Prof. Dr. Max Lemme, Prof. Dr. Otmar Loffeld

Ausgangslage

Heutige bildbasierte Systeme in der zivilen Sicherheit basieren nahezu ausschließlich entweder auf CMOS- oder CCD-basierten Bildsensoren, die mono- oder multichromatisch arbeiten. Bei CCD-Sensoren werden beispielsweise vier unterschiedliche Photodioden zu einem Bildpunkt zusammengefasst. Die Farbtrennung erfolgt in der Regel durch ein auf die Sensormatrix aufgebrachtes Farbfilter-Array (Bayer-Pattern) mit drei oder vier unterschiedlichen Farbfiltern und entsprechender Auflösungsreduktion für einzelne Farben.

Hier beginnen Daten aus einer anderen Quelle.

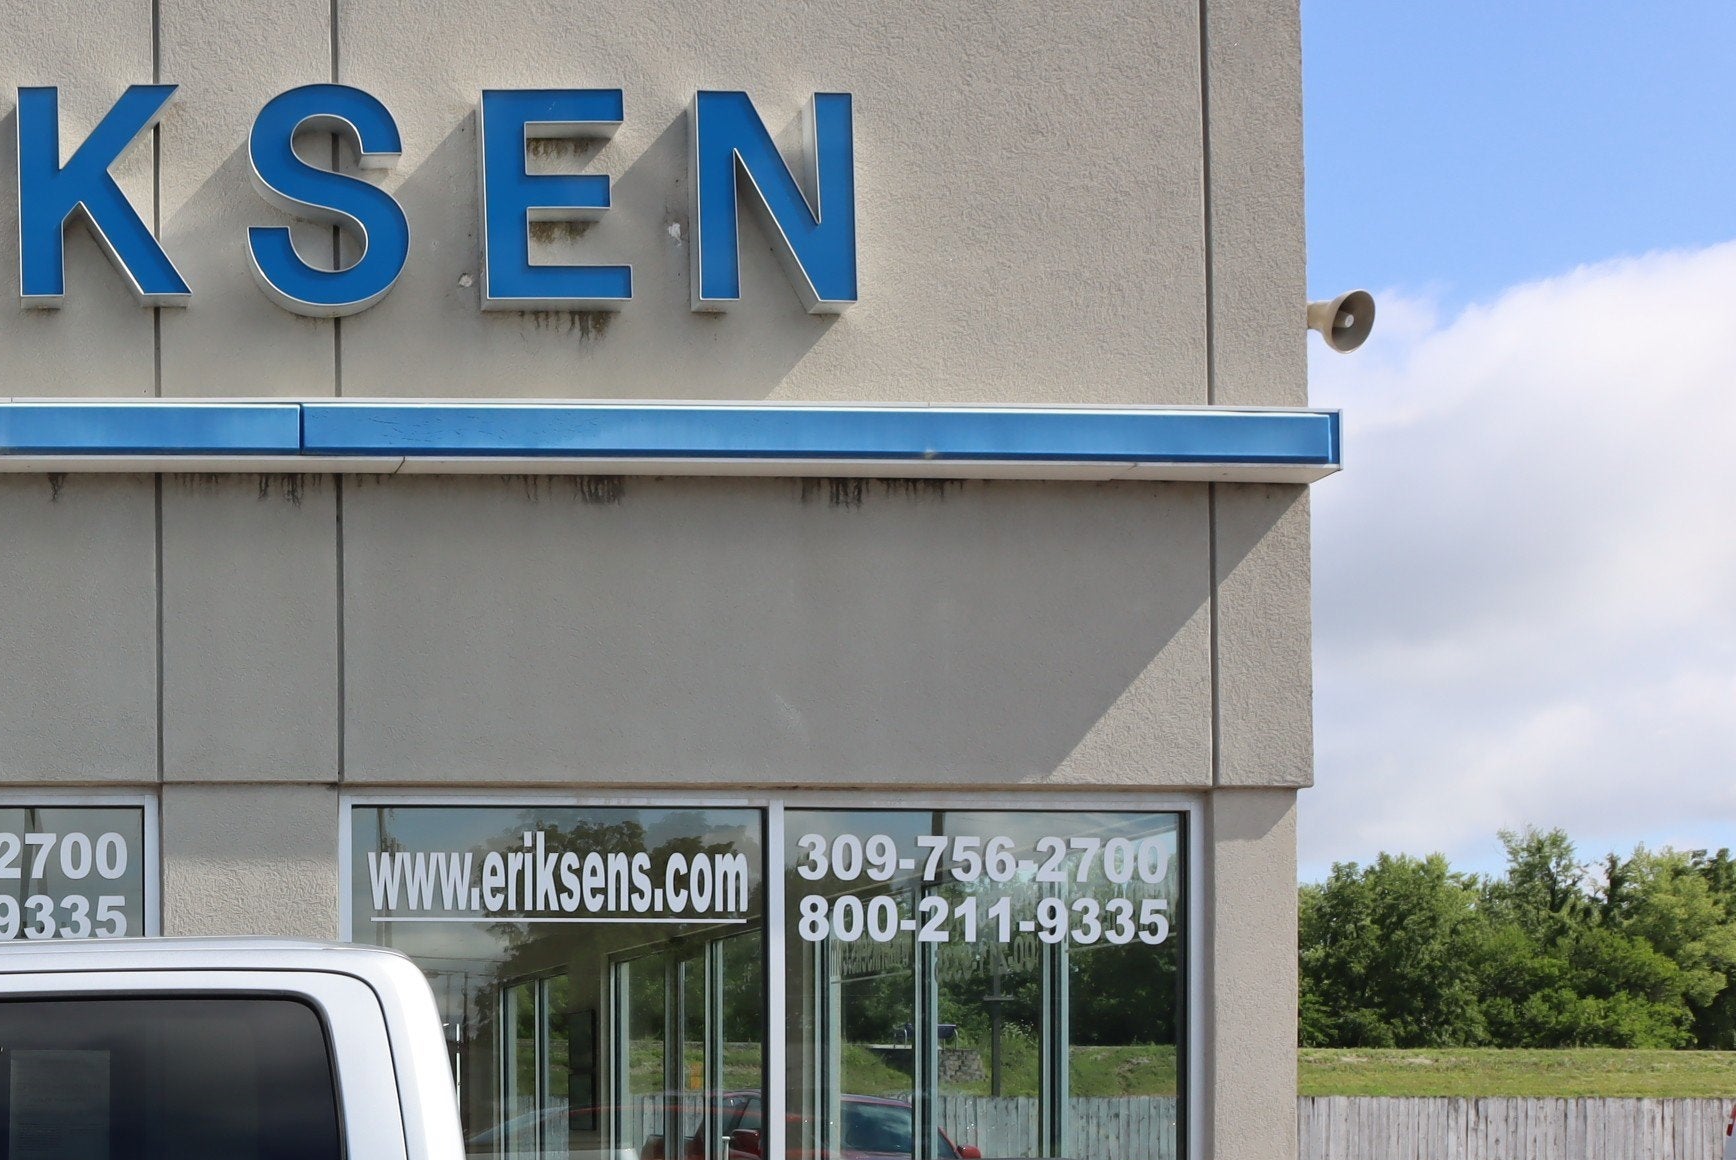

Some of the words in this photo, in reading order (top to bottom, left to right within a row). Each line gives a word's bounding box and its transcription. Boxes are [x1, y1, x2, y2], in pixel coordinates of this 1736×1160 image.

[368, 831, 748, 912] www.eriksens.com
[797, 833, 1170, 887] 309-756-2700
[798, 894, 1170, 946] 800-211-9335

Die Spektralempfindlichkeit des Halbleiterdetektors ist unveränderlich und durch den Herstellungsprozess festgelegt.

Ziele und Arbeitsprogramm

Ziel der Forschungsarbeiten ist die Entwicklung von planar integrierbaren colorimetrischen Halbleitersensoren für den NUV/VIS/NIR-Bereich.  Dazu werden in der zweiten Projektphase zwei Ansätze verfolgt: zum einen wird die Entwicklung und Untersuchung von 2-Terminal Halbleiterbauelementen aus amorphem Silizium (a-Si) mit möglichst kontinuierlich durchstimmbarer Spektralempfindlichkeit weitergeführt. Diese Arbeiten umfassen auch schaltungstechnische Ansätze zur Performanceoptimierung der Sensordioden. Des Weiteren werden hybride Graphen-basierte Technologien und 3-Terminal a-Si Devices entwickelt, die eine Erweiterung des Spektralbereiches, eine parallele Auslese mehrerer Spektralkanäle und eine bessere spektrale Differenzierung ermöglichen.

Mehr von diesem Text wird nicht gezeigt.